Listed entries:
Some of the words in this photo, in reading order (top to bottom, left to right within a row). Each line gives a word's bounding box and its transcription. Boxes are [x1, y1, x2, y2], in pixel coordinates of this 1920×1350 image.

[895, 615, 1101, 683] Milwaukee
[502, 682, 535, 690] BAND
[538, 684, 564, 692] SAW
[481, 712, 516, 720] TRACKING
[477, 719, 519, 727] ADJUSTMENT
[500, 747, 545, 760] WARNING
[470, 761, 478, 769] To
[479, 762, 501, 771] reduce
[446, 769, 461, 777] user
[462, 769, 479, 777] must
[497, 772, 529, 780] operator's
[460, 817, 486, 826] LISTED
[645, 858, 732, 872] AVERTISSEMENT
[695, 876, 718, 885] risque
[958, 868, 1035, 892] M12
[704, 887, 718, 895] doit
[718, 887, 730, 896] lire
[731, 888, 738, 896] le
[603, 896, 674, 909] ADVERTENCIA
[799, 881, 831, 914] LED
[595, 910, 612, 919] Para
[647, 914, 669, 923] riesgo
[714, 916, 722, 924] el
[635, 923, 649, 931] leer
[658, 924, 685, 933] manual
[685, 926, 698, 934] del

Exercise instructions:
All records should be returned verbatim, none left out.

Answer to this problem:
Some of the words in this photo, in reading order (top to bottom, left to right within a row). Each line gives a word's bounding box and its transcription. Boxes are [x1, y1, x2, y2], in pixel coordinates of this 1920×1350 image.

[895, 615, 1101, 683] Milwaukee
[502, 682, 535, 690] BAND
[538, 684, 564, 692] SAW
[481, 712, 516, 720] TRACKING
[477, 719, 519, 727] ADJUSTMENT
[500, 747, 545, 760] WARNING
[470, 761, 478, 769] To
[479, 762, 501, 771] reduce
[446, 769, 461, 777] user
[462, 769, 479, 777] must
[497, 772, 529, 780] operator's
[460, 817, 486, 826] LISTED
[645, 858, 732, 872] AVERTISSEMENT
[695, 876, 718, 885] risque
[958, 868, 1035, 892] M12
[704, 887, 718, 895] doit
[718, 887, 730, 896] lire
[731, 888, 738, 896] le
[603, 896, 674, 909] ADVERTENCIA
[799, 881, 831, 914] LED
[595, 910, 612, 919] Para
[647, 914, 669, 923] riesgo
[714, 916, 722, 924] el
[635, 923, 649, 931] leer
[658, 924, 685, 933] manual
[685, 926, 698, 934] del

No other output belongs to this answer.